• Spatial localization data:
- Opening Delimiter -

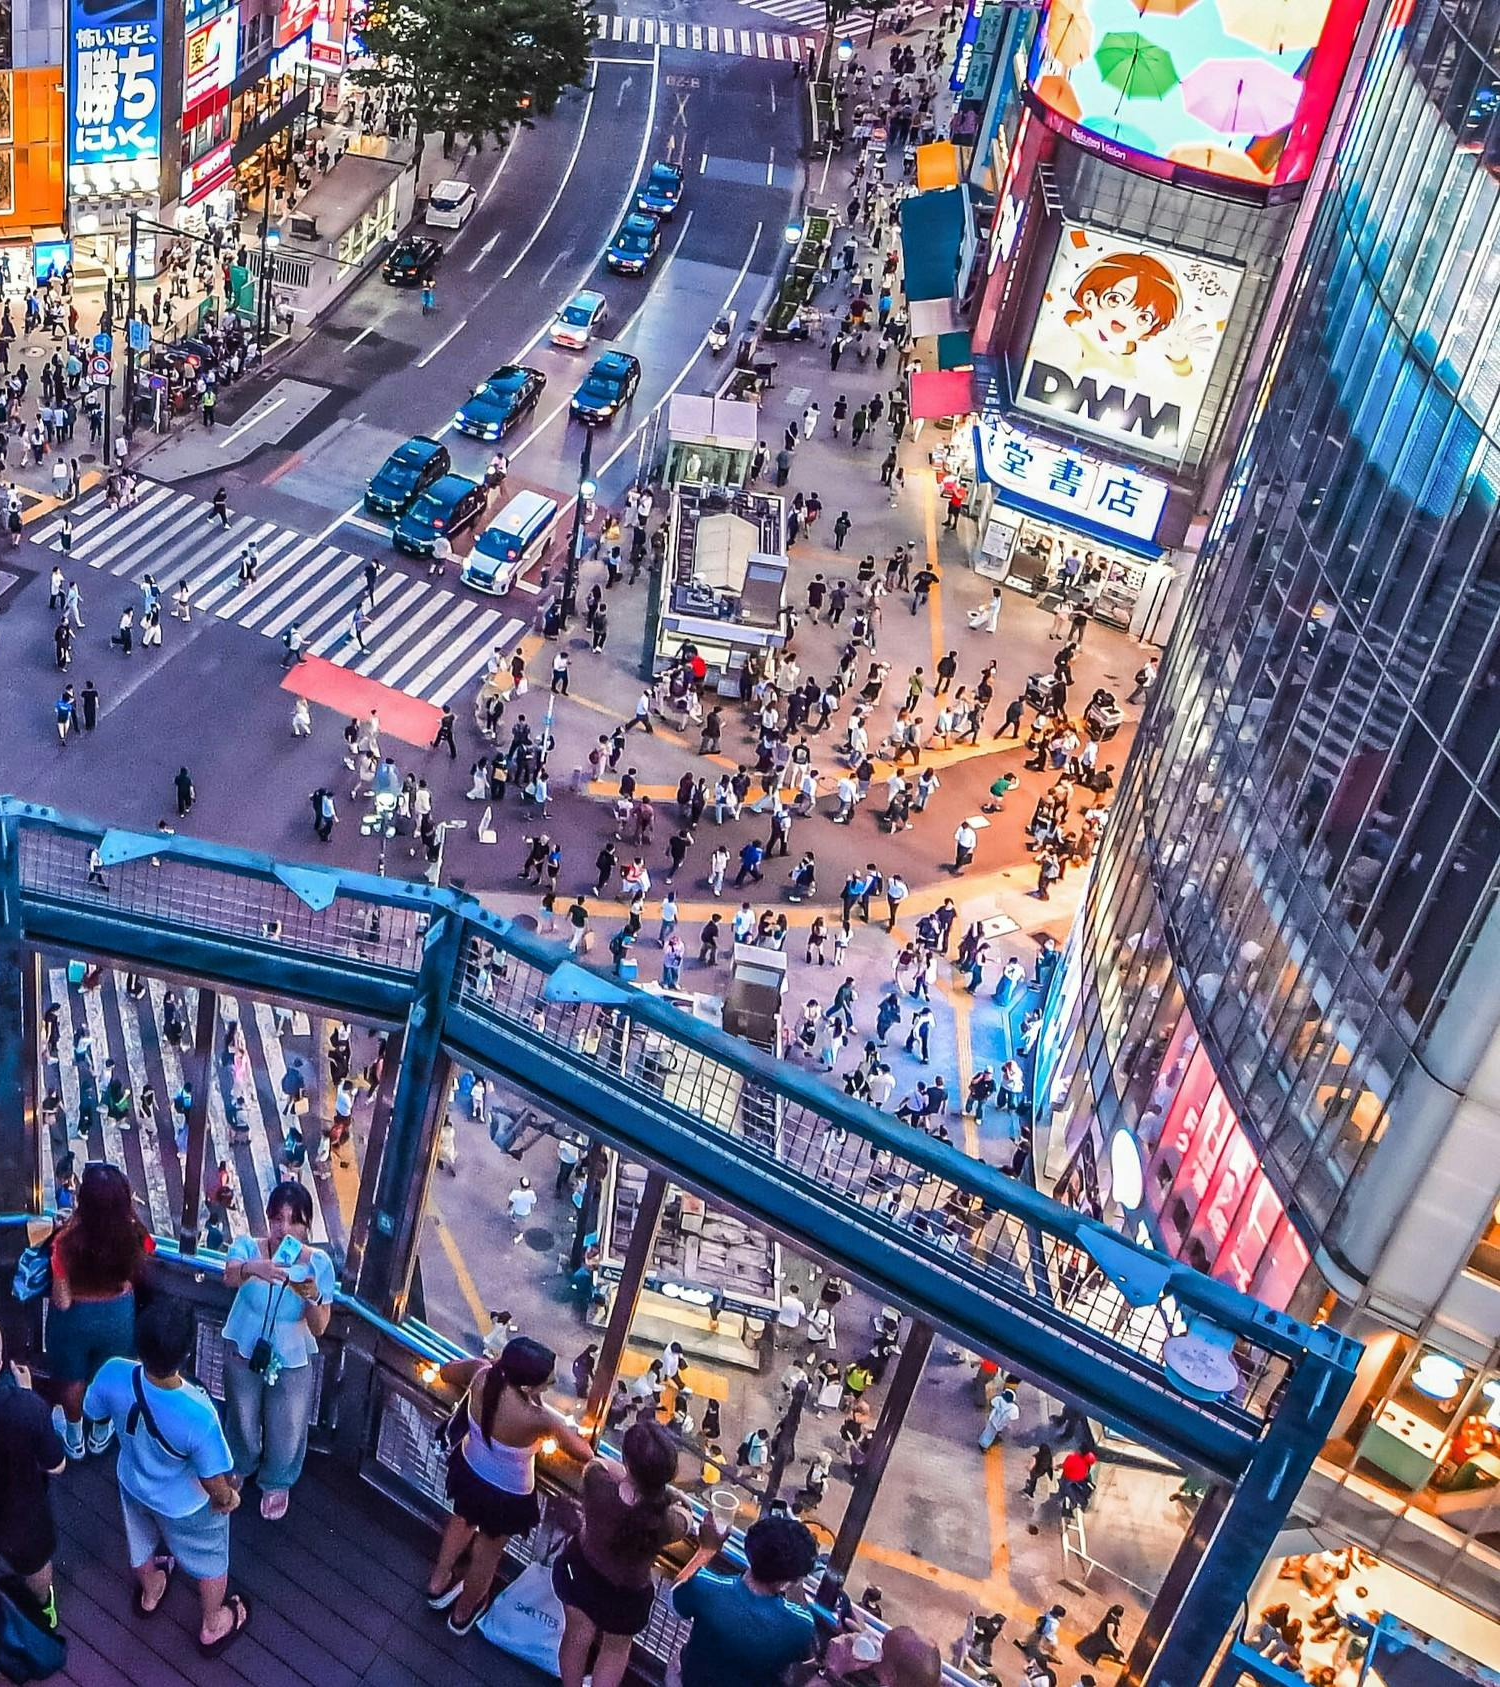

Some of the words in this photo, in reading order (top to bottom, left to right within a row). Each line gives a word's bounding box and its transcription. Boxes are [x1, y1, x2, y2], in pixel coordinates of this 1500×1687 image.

[76, 24, 157, 48] 怖いほど、
[76, 46, 156, 126] 勝ち
[76, 121, 157, 152] にいく。
[1071, 128, 1101, 149] Rakuten
[1101, 142, 1126, 160] Vision
[1024, 360, 1180, 448] DMM
[989, 434, 1143, 517] 堂書店
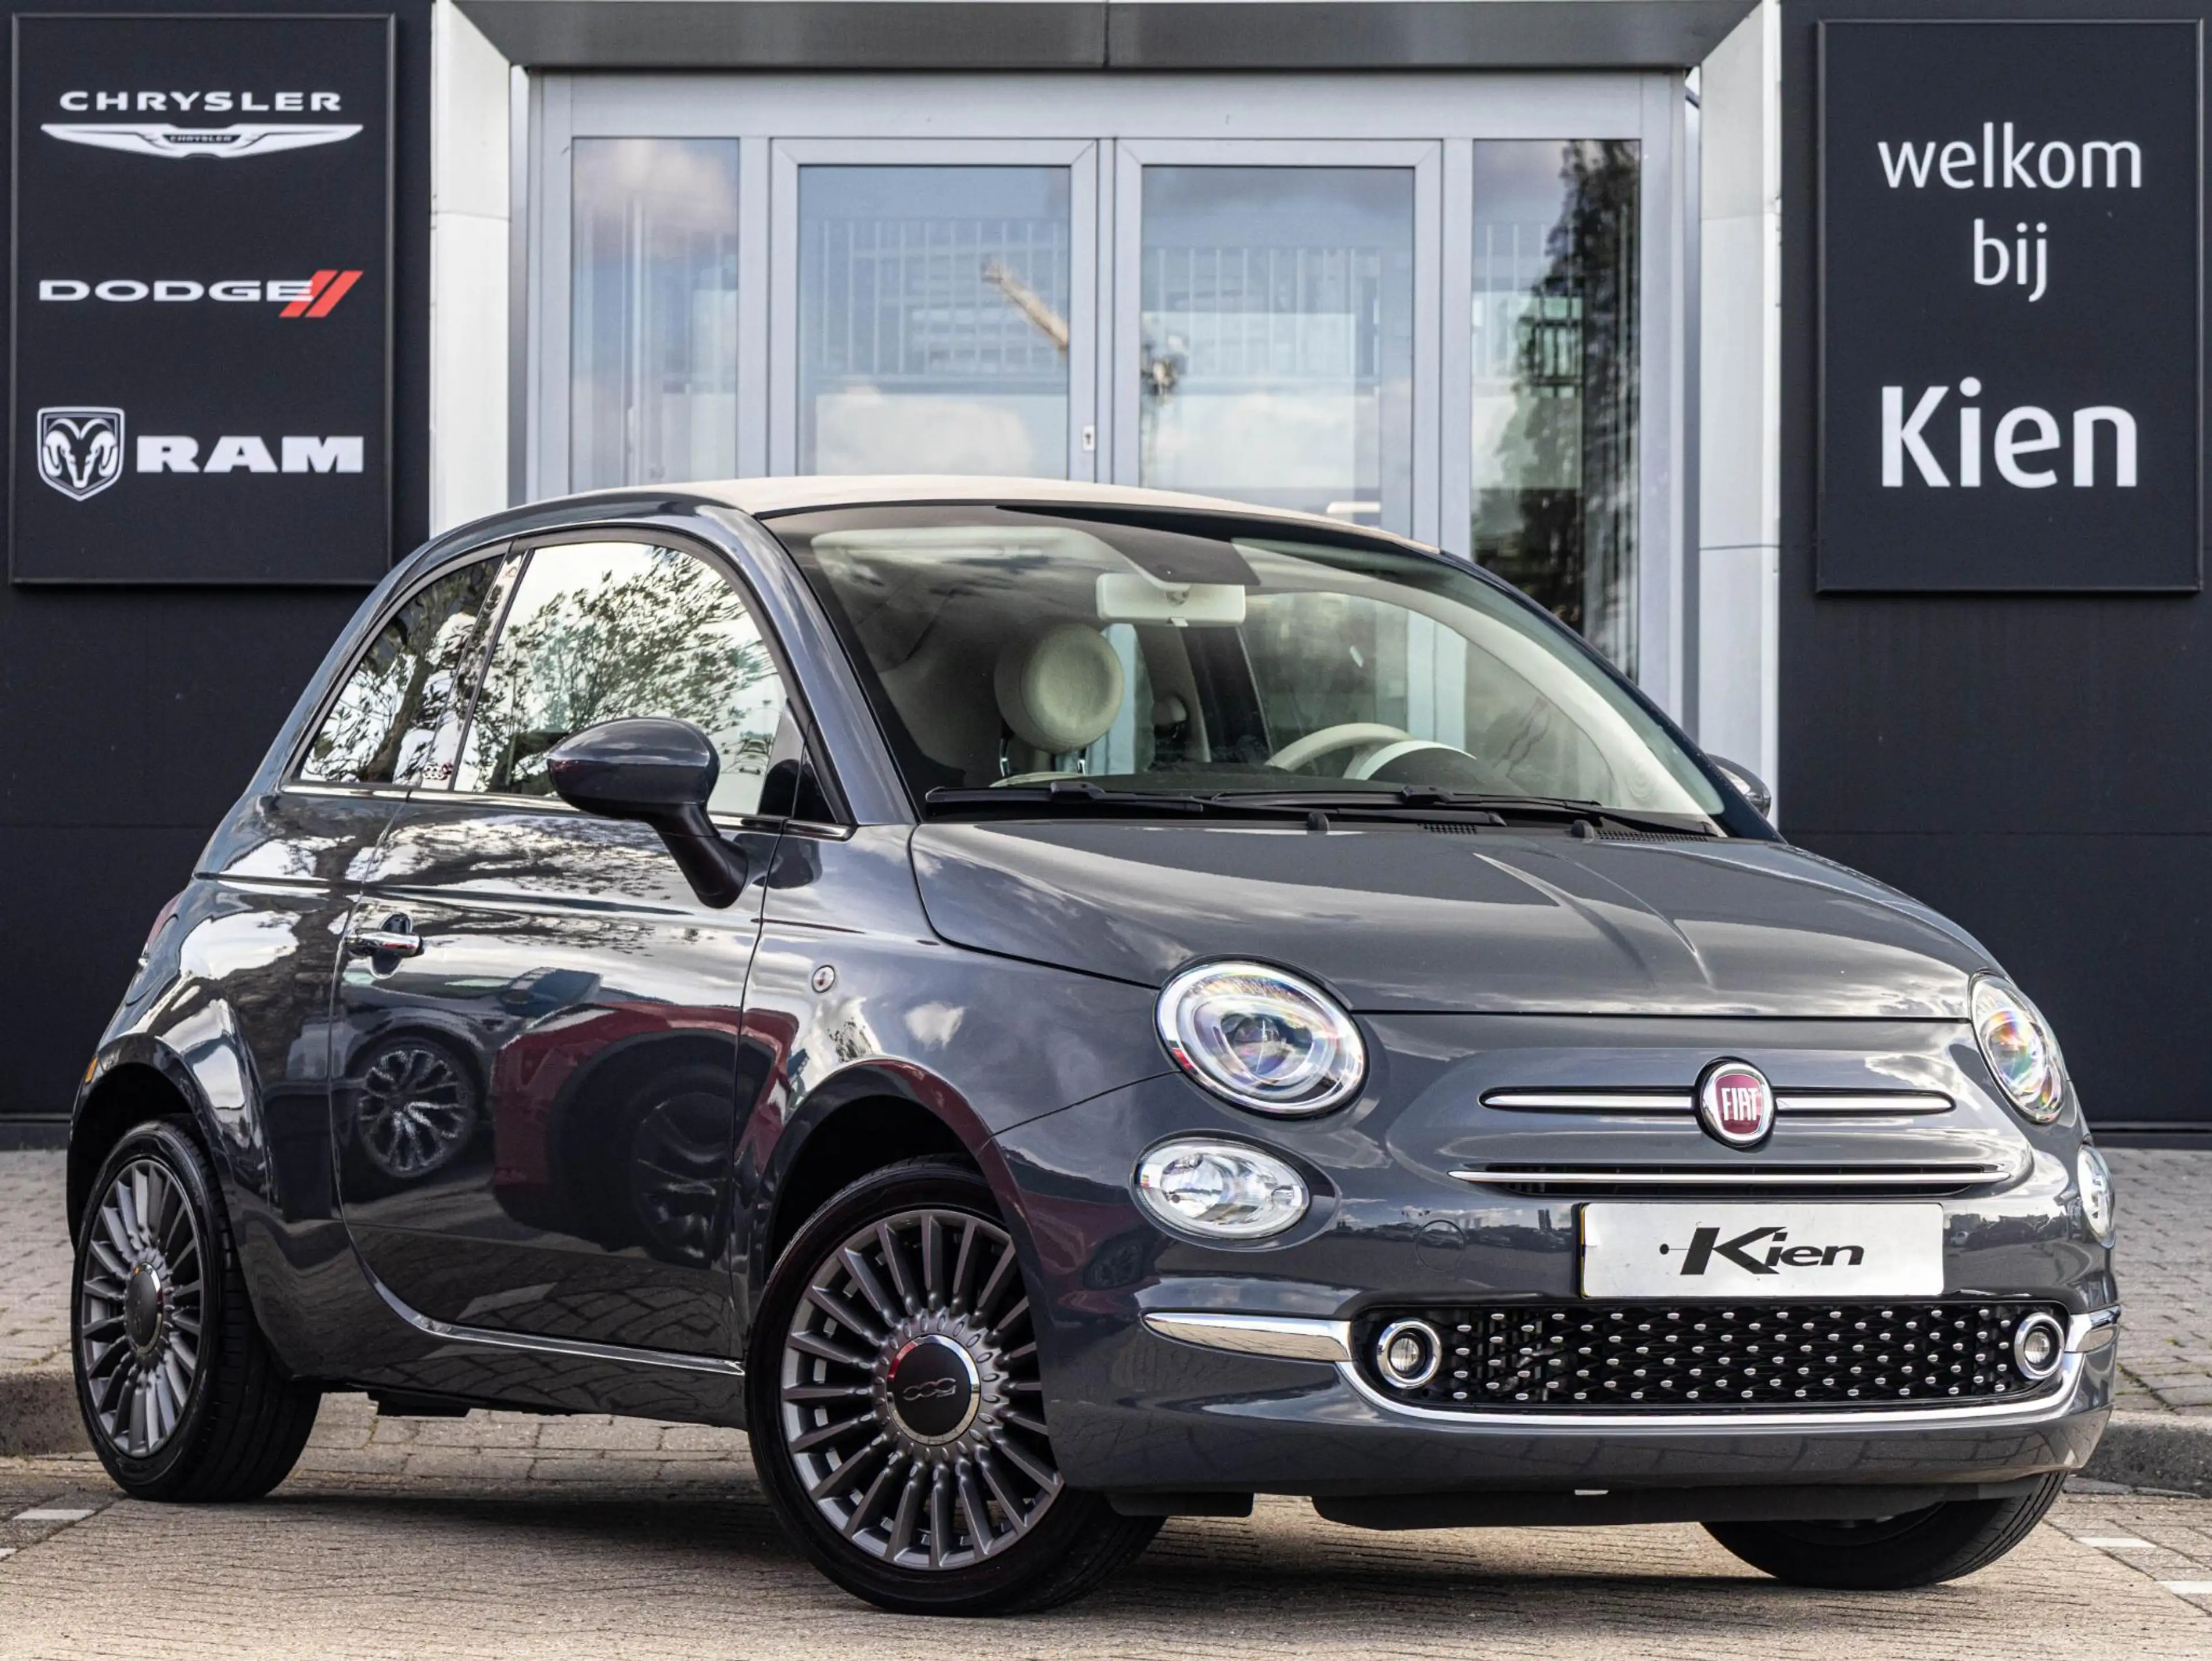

- Closing Delimiter -

• AIM OF THE TASK: Your copy should repeat each entry above exactly but contain no pictures.

• RESPONSE TO THE TASK:
Some of the words in this photo, in reading order (top to bottom, left to right within a row). Each line gives a word's bounding box and its transcription. Boxes are [x1, y1, x2, y2], in pixel coordinates of this 1500×1687 image.

[76, 24, 157, 48] 怖いほど、
[76, 46, 156, 126] 勝ち
[76, 121, 157, 152] にいく。
[1071, 128, 1101, 149] Rakuten
[1101, 142, 1126, 160] Vision
[1024, 360, 1180, 448] DMM
[989, 434, 1143, 517] 堂書店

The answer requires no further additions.